Coming Soon

Sequence Read Archive retrieval

This feature will give users an option to automatically perform data downloads using the SRAtoolkit and access data from the NCBI Sequence Read Archive (SRA).

CRAM remapping

Genomic data is commonly stored in CRAM format. Of course, these data files have already been mapped to a reference genome. To our knowledge, there is not a direct option for remapping a CRAM file, however, reverting a CRAM sample to a FASTQ or FASTA file is possible via samtools. This feature will include that step and steps thereafter for re-alignment to a reference genome of the user’s choice.

Variant discovery

The current format of Iliad Sequence processing entails the use of variant genotyping using annotation files from the NYGC. We understand the importance of variant discovery and aim to streamline this option in a future release. Currently, you can manually (and quite easily) set this up by commenting out three lines of code and adding one new line of code to ./Iliad/workflow/Snakefile (for raw sequence reads) or ./Iliad/workflow/cram_Snakefile (for cram sequence data) while we develop this method further. See the code blocks and images below to manually perform this.

Raw sequence reads

Raw sequence reads - file found in ./Iliad/workflow/Snakefile

You can delete the contents of ./Iliad/workflow/Snakefile and copy/paste below to replace it:

singularity: "library://ncherric/iliad/igdp-container:v1.16"

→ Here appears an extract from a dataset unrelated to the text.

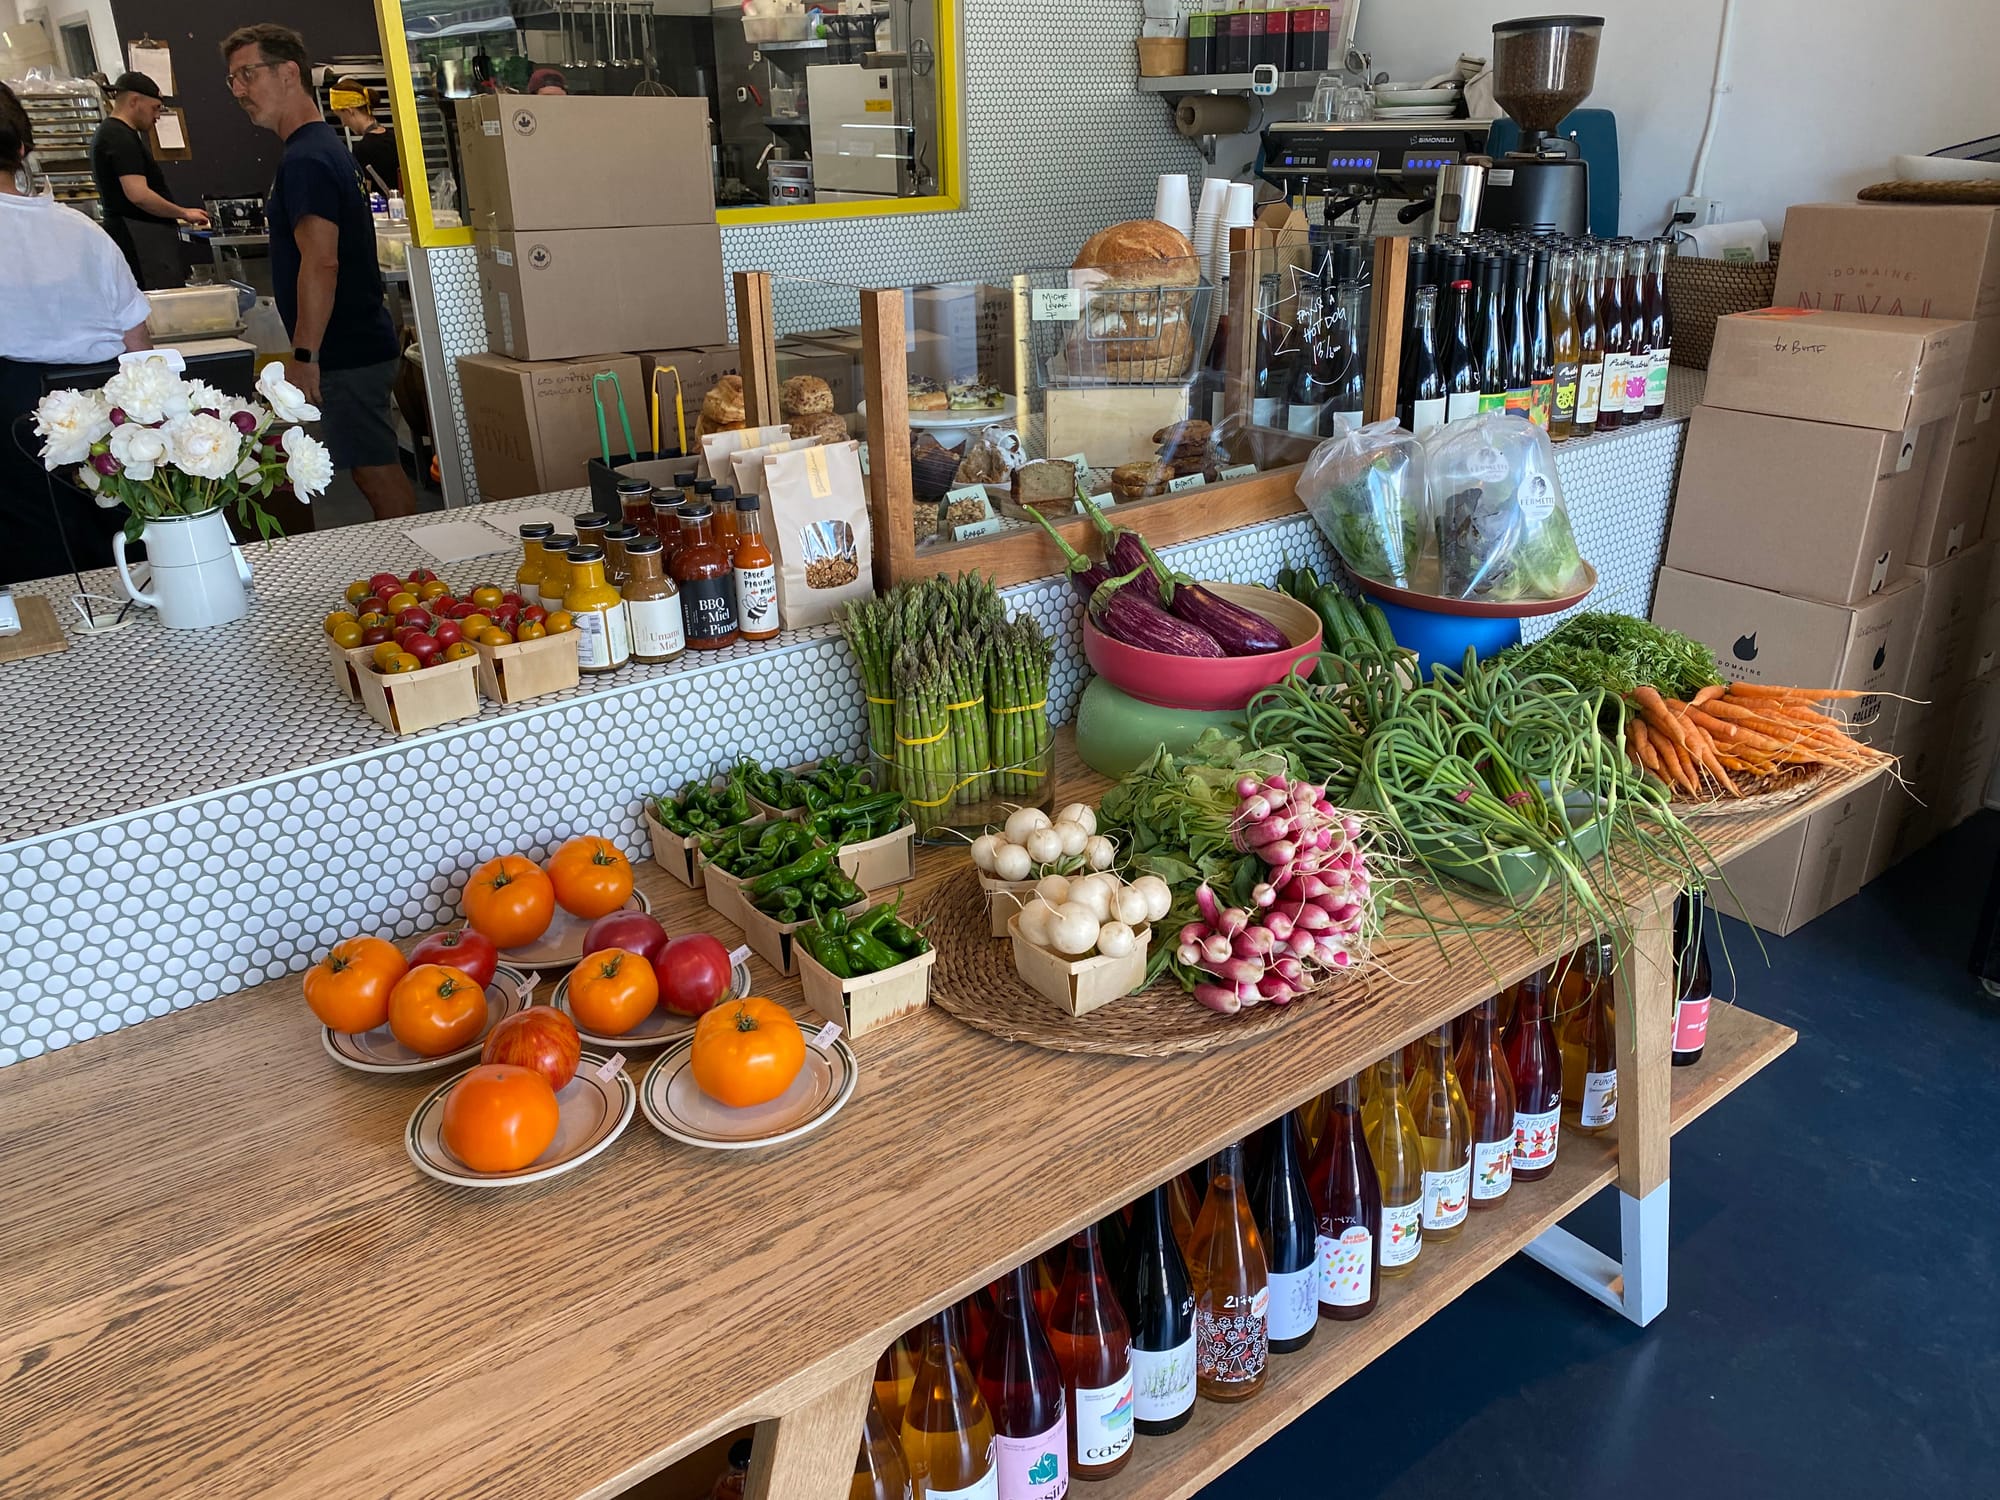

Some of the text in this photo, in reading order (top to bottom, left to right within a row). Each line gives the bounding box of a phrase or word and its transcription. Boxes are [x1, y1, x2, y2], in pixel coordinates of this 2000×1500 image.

include: "rules/common.smk"
#splits=config['NYGC']['numberOfSplitRegionsFiles']

##### Target rules #####
rule all:
    input:
        expand("results/vcf/Merged-chr{chroms}-allSamples-with-rsIDs.vcf.gz.tbi", chroms=CHROMS),
        expand("results/vcf/{sample}/chrStrCheck/alignmentFileHeader.out", sample=samples["sample"]),

##### Modules #####


include: "rules/fq.smk"

include: "rules/fastQC.smk"

include: "rules/concatRawReads.smk"

include: "rules/ref.smk"

include: "rules/mapping.smk"

#include: "rules/nygcAnnotations-bam.smk"

#include: "rules/variantCalling.smk"
include: "rules/variantCalling-Discovery.smk"

include: "rules/dbsnpAnnotation.smk"

include: "rules/dbsnpsSeq.smk"

Stored sequence reads

CRAM stored sequence reads - file found in ./Iliad/workflow/cram_Snakefile

You can delete the contents of ./Iliad/workflow/cram_Snakefile and copy/paste below to replace it:

singularity: "library://ncherric/iliad/igdp-container:v1.16"

include: "rules/common.smk"
#splits=config['NYGC']['numberOfSplitRegionsFiles']

##### Target rules #####
rule all:
    input:
        expand("results/vcf/Merged-chr{chroms}-allSamples-with-rsIDs.vcf.gz.tbi", chroms=CHROMS),
        expand("results/vcf/{sample}/chrStrCheck/alignmentFileHeader.out", sample=cramSamples["cramSample"]),

##### Modules #####

include: "rules/cram.smk"

include: "rules/ref.smk"

#include: "rules/nygcAnnotations-cram.smk"

#include: "rules/cram_variantCalling.smk"
include: "rules/cram_variantCalling-Discovery.smk"

include: "rules/dbsnpsSeq.smk"

include: "rules/dbsnpAnnotation.smk"

Model organism genome processing

Iliad has been developed, tested, applied with human genomic data. However, the bioinformatic tools employed in these workflows can be translated to model organisms. Including other organisms (i.e., mice, flies, and bacteria) to the functionality of this workflow toolkit is underway, but the code can be manually adapted to your liking in the meantime. Here is the suggested adaptations:

1. Follow the instructions above for variant discovery.

2. Change the CHROMS variable in ./Iliad/workflow/common.smk on lines 26-27 to your appropriate organism.

3. Edit the ./Iliad/config/config.yaml file variable AutoRetrieveReference: true to AutoRetrieveReference: AND IhaveReference: to IhaveReference: True. Lines 65 and 70.

4. Add the file path to your reference genome on line 76. filePath: ./Iliad/resources/NEW-REFERENCE-GENOME-HERE.fa

If you have already edited the config.yaml file previously with auto_config.py, these line numbers provided above will be found in ./Iliad/config/config-commented.yaml.